Comprising many different chemical compounds, GSE has diverse therapeutic usages. It has been effective in prevention of colorectal cancer (24). DNA protective effects of GSE are suggested to be due to its antioxidant capacities (25). GSE also has anti-inflammatory effects by reducing pro-inflammatory cytokines (26). It also prevents oxidation of low-density lipoprotein cholesterol, improves lipid profile, and helps reduce drug-induced nephrotoxicity (27).

Grapes contain high concentrations of resveratrol, quercetin, catechin, epicatechin, and proanthocyanidins, all of which are potent antioxidants. Grape seed has a higher amount of proanthocyanidins while grape skin is richer in resveratrol. Polyphenolic compounds like flavonoid proanthocyanidins inflict their antioxidant potential by scavenging free radicals and inhibiting lipid peroxidation in vitro and in vivo (27).
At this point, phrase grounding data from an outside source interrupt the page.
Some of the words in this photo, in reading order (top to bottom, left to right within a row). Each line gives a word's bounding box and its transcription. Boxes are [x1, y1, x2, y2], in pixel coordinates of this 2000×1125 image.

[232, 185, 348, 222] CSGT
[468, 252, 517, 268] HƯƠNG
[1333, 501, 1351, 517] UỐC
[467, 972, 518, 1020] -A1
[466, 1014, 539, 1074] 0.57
Different dosages of GSE have been used in previous studies (100 - 720mg). US national center for complementary and alternative medicine reports that oral supplementation of GSE for up to 8 weeks has been well tolerated in many clinical trials (NCCAM report on GSE) (28). Toxicity of grape seed extract has been investigated in many studies and consumption of different doses of the extract has been proven to be safe except for a possible mutagenic effect at very high doses in rats (4 - 5 g/kg) (18, 44). We have used lower doses of GSE on human subjects in our previous studies with no observed adverse effects (27). We decided to use a higher dose of GSE (600 mg/day) in the current study which is still much lower than the doses causing adverse effects in rats. Fortunately, no adverse effects were reported by any of our patients.
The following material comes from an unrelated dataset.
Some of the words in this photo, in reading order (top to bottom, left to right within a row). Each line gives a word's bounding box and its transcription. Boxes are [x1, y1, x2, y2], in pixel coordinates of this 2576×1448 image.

Effect of resveratrol in infertility has been investigated in vitro and in rats. In a study investigating the effect of trans-resveratrol supplementation on infertility in rats, daily oral administration of this phytochemical to adult male rats increased serum testosterone and improved sperm count but had no effect on sperm motility (11). In another study, intragastric administration of resveratrol to rats with 2, 5-hexanedione-induced testicular injury resulted in increased expression of c-kit protein and enhanced spermatogenesis (12). In vitro incubation of human sperms with trans-resveratrol could protect sperms chromatin and lipid membrane against induced oxidative stress and could improve their motility (13). Hyperthyroid rats supplemented with resveratrol showed improved sperm motility and decreased lipid peroxidation in their testes compared to controls (14). No study has investigated the effect of grape seed extract or any of its compounds on male infertility.

The decrease in semen malondialdehyde as the marker of oxidative stress and the increase in semen catalase levels following GSE consumption in our patients can be attributed to the antioxidant content of grape seed. The same decrease in oxidative stress markers in semen has been reported after multiple compounds, e.g.; Vitamin A, vitamin C, vitamin E, selenium, glutathione, N-acetyl-cysteine, and carnitine (7-9).

While we tried our best to take into account every possible confounding factor and to control patients’ compliance with their therapy, one patient was lost to follow-up during the course of study. We performed detailed analysis of the seminal antioxidant status but the ultimate goal of any infertility therapy is conception, which was not included as a final result in our investigation. Larger studies with longer follow-up that could take into account the conception as the final result may help further establish the beneficial effects of this naturally available antioxidant on male infertility.

4.1. Conclusion

The results of the present study suggest the possible beneficial effect of GSE on decreasing seminal oxidative stress in infertile men. One-third of men with infertility problems already take antioxidant supplements, demonstrating their acceptance of natural therapies. GSE supplementation, in conjunction with the standard therapy, could help improve the chance of conception in infertile men especially if they have evidence of oxidative stress.